Should a Mumbai buyer or seller delay any transaction because of this?

No, in most scenarios. The migration affects regulatory filings and complaint tracking, not the underlying transaction. A buyer purchasing in a registered project can complete sale agreement, registration, and possession formalities without any direct impact. A seller of a registered unit can complete resale through the standard documentation chain. The exception is if your transaction depends on a pending MahaRERA approval, complaint resolution, or amendment, in which case the 30 to 60 day procedural pause may matter. Verify your specific dependency before deciding to proceed or wait.
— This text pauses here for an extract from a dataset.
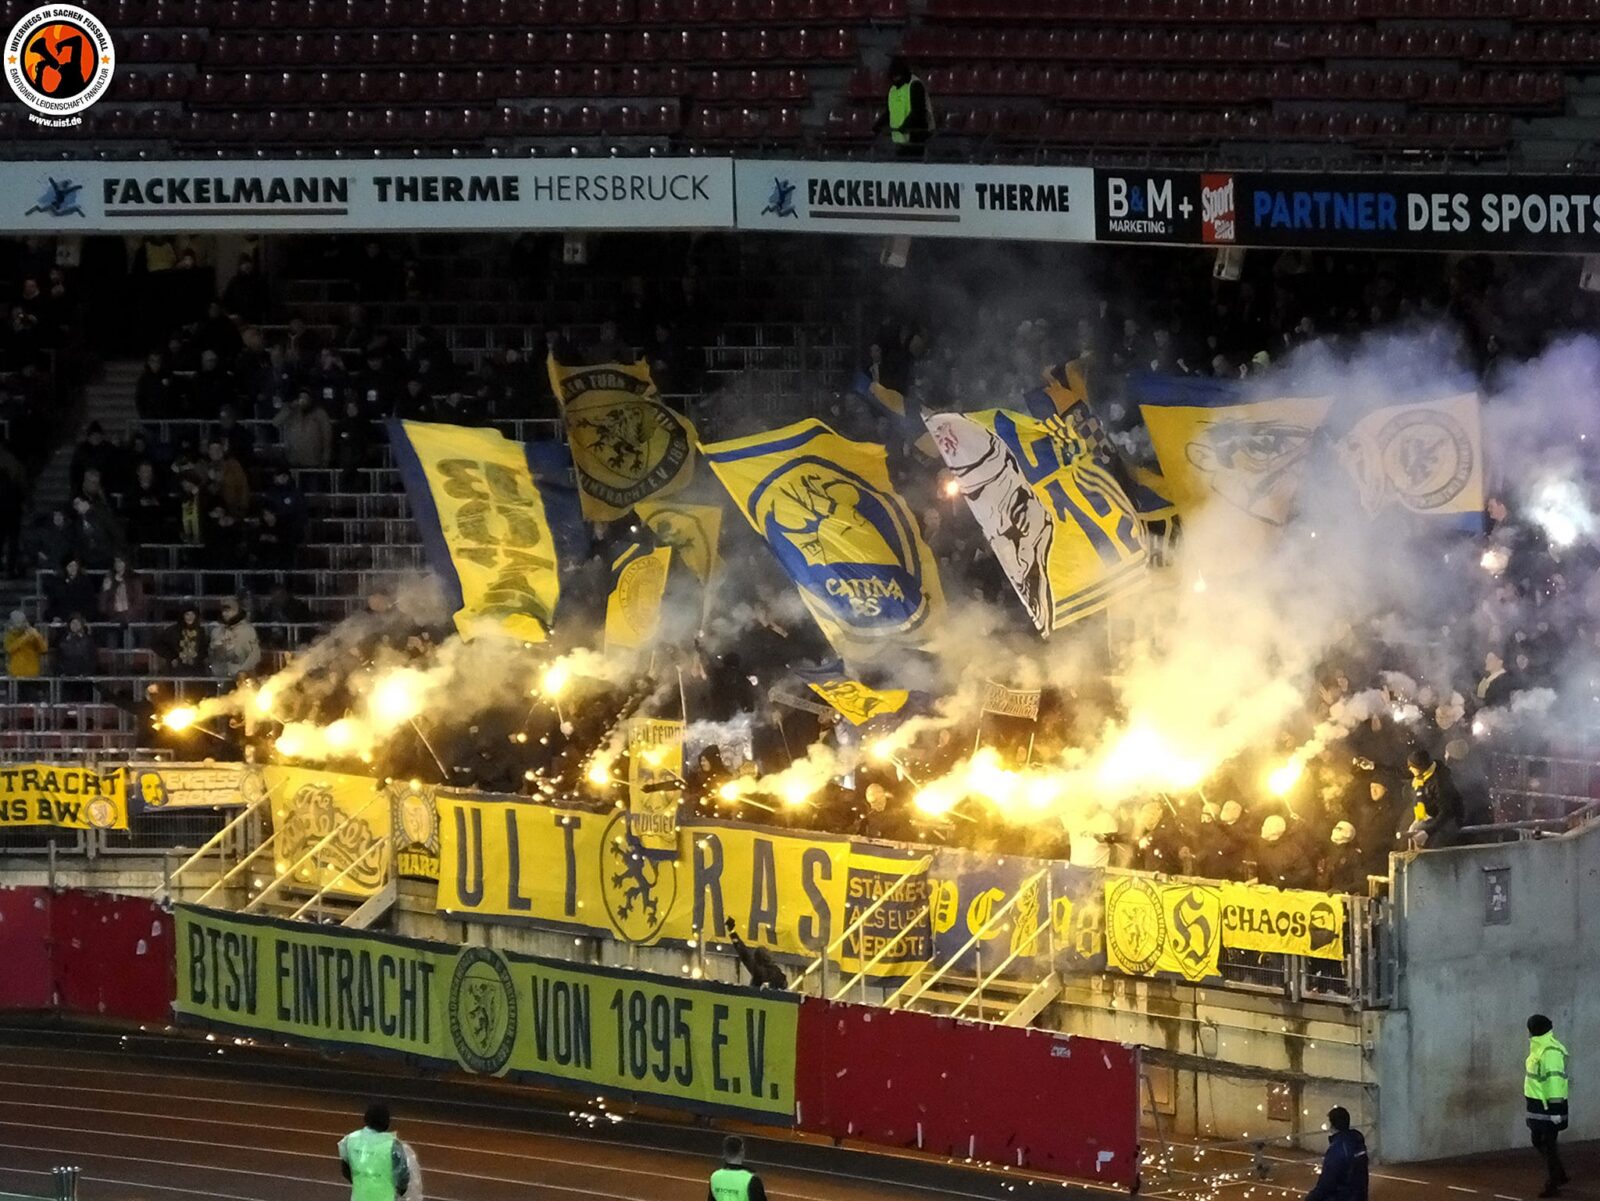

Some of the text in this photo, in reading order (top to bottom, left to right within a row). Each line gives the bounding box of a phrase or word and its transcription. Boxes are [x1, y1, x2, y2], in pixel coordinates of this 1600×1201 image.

Our Prestige Horizon Heights review covers one current Thane-side project context.

MahaRERA Order 65A of 2026 is a procedural reset, not a substantive policy change. It does not change buyer rights, builder obligations, or enforcement standards. It changes the platform through which those rights and obligations are tracked. For most Mumbai buyers, the right action is to verify your MahaCRITI dashboard, refile what needs refiling, and continue with your transaction. For builders with launch timelines in the next 60 days, build a 4 to 6 week buffer into your schedule to absorb migration-driven delays. Agents and channel partners should treat the next 30 days as a procedural cleanup window for licence renewals, KYC corrections, and bank account verification on the new portal. The MahaRERA Authority has signalled that good-faith refilers will not face adverse inference, but that protection requires being on the new portal with current details. A licence holder who waits another quarter on the assumption that the regulator will solve the migration for them will likely find their licence suspended during a routine compliance check, regardless of the stated procedural protection. Take the action this fortnight.